Dunbeg (An Dùn Beag), formerly known as Dunstaffnage (Dùn Stafhainis or Dùn Staidhinis), is a village about 2+1/2 mi outside of Oban, Scotland. It has a population of just under 1,000. It is home to the Scottish Association for Marine Science (SAMS), one of the primary marine science centres in the UK. Also near Dunbeg is Dunstaffnage Castle, part of the Campbell Clan and is owned by the Captain of Dunstaffnage.

== Archaeology ==
Archaeological excavations in 2010, by Argyll Archaeology, in advance of the development of the European Marine Science Park found evidence that people were also living in the area from the Neolithic to the Early Historic periods. The archaeologists discovered funerary pyres, and an infant burial, that were in use for several generations during the Late Iron Age and a farmstead in use sometime between the late 7th to 9th centuries AD. The end of activity on the site roughly coincides with documented attacks on Iona by Norse invaders in 795, 802, 806 and 825. A Norse presence in the areas was found in the form of a fragment of copper alloy Viking ring money by a metal detectorist before the excavation.

== Landmarks ==

=== Primary School ===
Dunbeg Primary School is a single storey building originally opened in 1960. In 2021 it had places for 141 children of all denominations from P1-7, it also provides preschool education with spaces for 20 3–5 year olds.

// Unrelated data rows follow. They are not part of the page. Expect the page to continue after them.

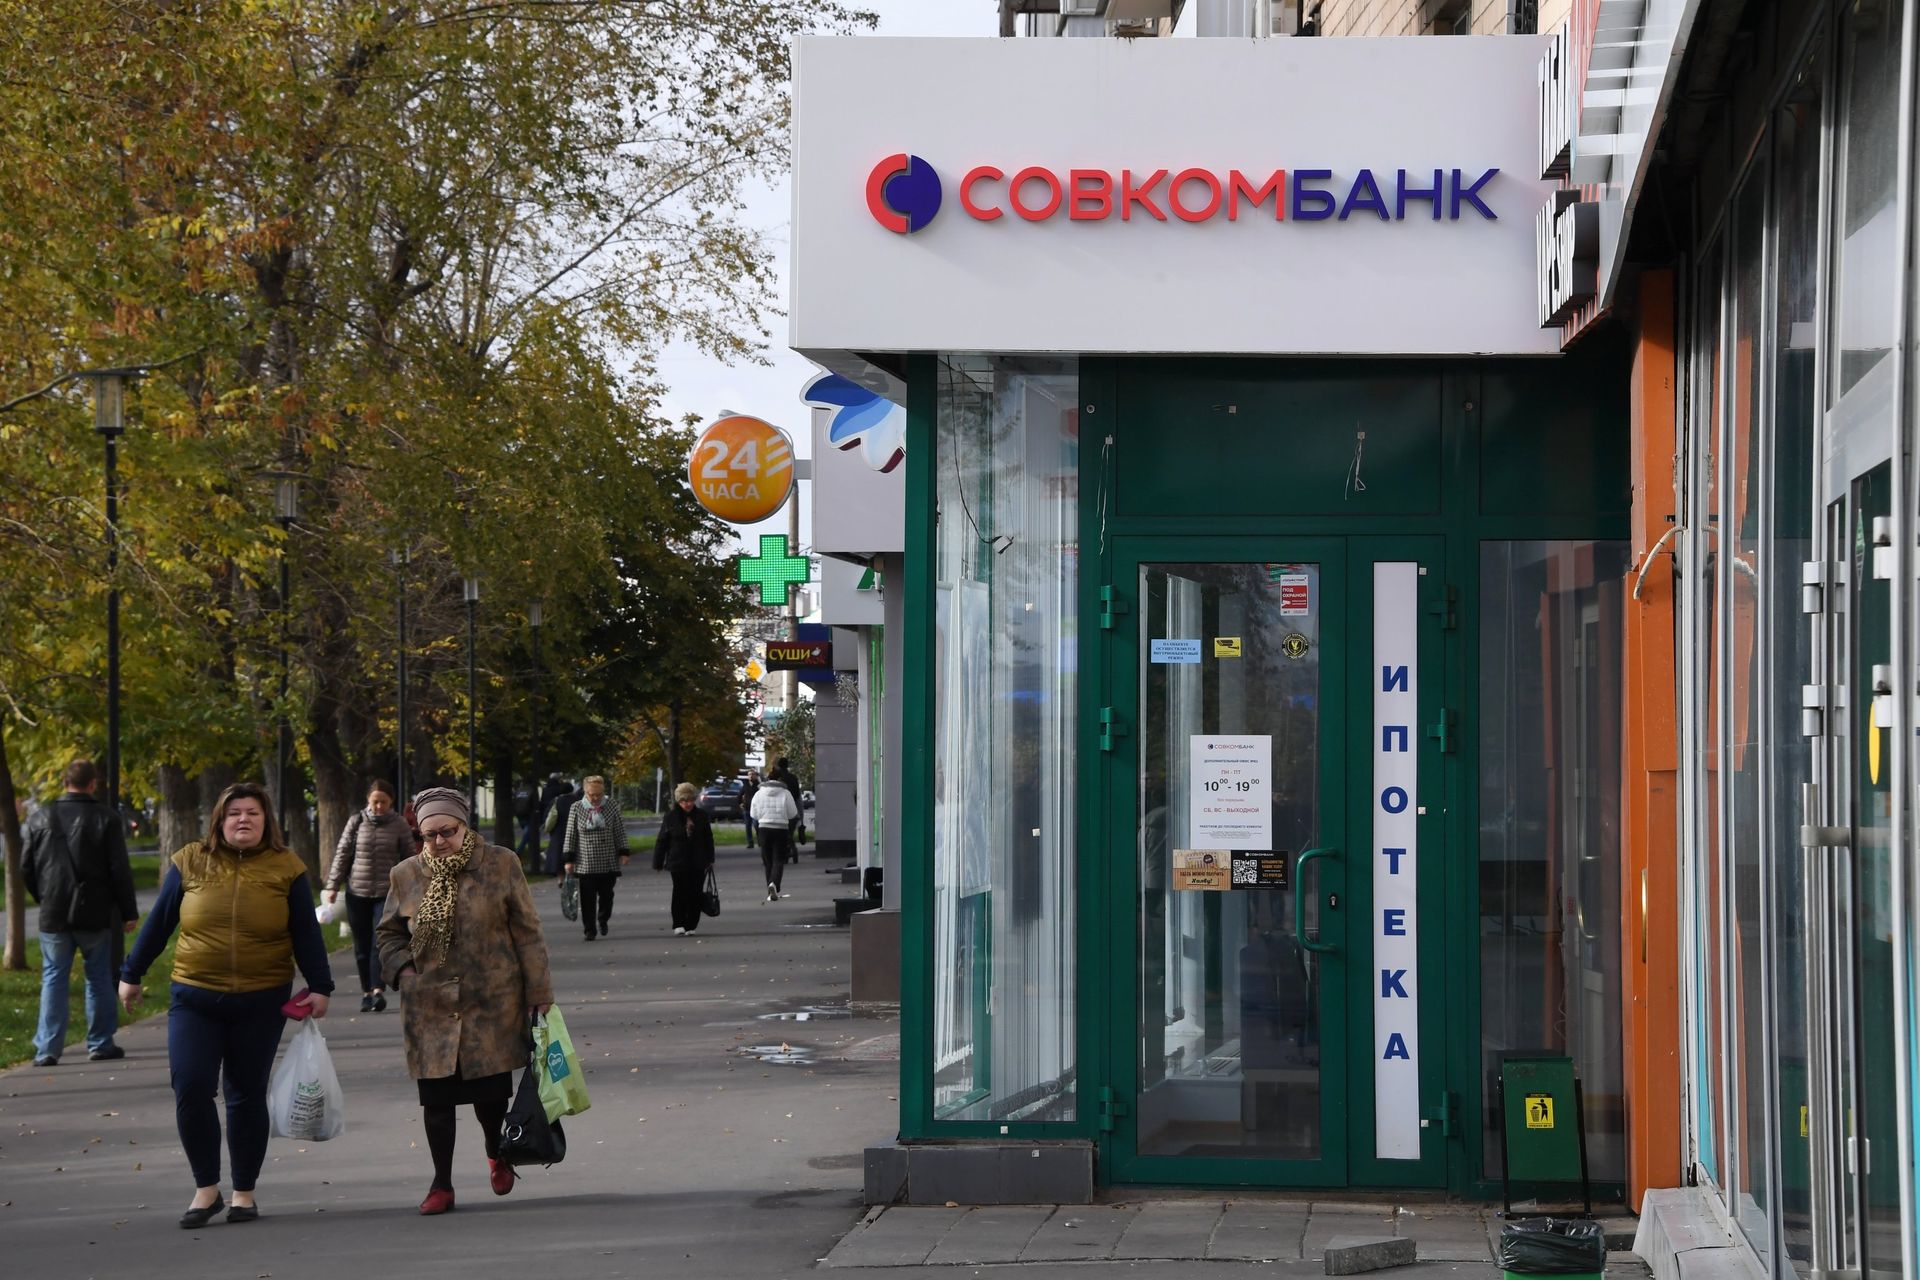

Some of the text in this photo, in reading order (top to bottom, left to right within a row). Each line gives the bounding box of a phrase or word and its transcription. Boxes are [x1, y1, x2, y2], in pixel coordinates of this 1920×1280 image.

[959, 165, 1500, 222] СОВКОМБАНК
[702, 439, 760, 478] 24
[701, 483, 760, 499] ЧАСА
[769, 648, 811, 660] СУШИ
[1380, 665, 1410, 1060] ИПОТЕКА
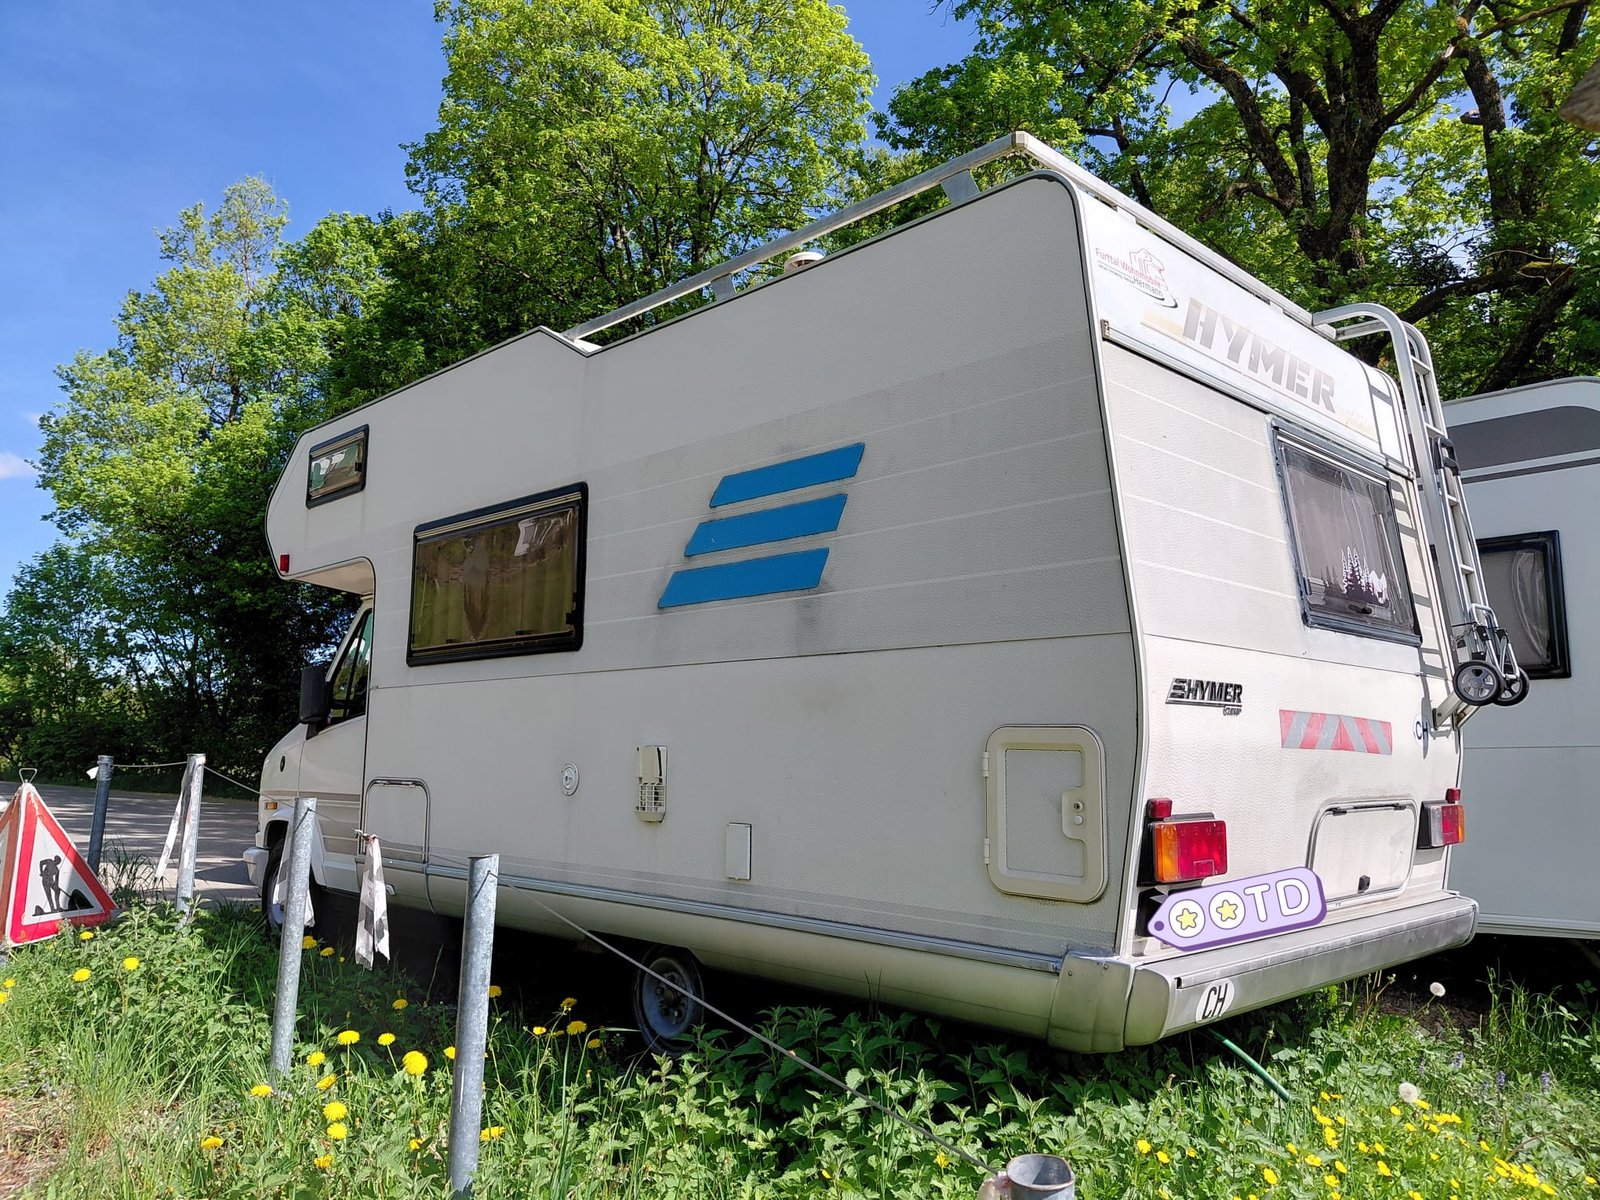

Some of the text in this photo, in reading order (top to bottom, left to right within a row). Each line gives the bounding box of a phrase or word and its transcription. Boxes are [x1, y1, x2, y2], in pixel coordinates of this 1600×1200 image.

=== The Scottish Association for Marine Science ===

It is one of Europe's leading marine science research organisations, one of the oldest oceanographic organisations in the world and is Scotland's largest and oldest independent marine science organisation.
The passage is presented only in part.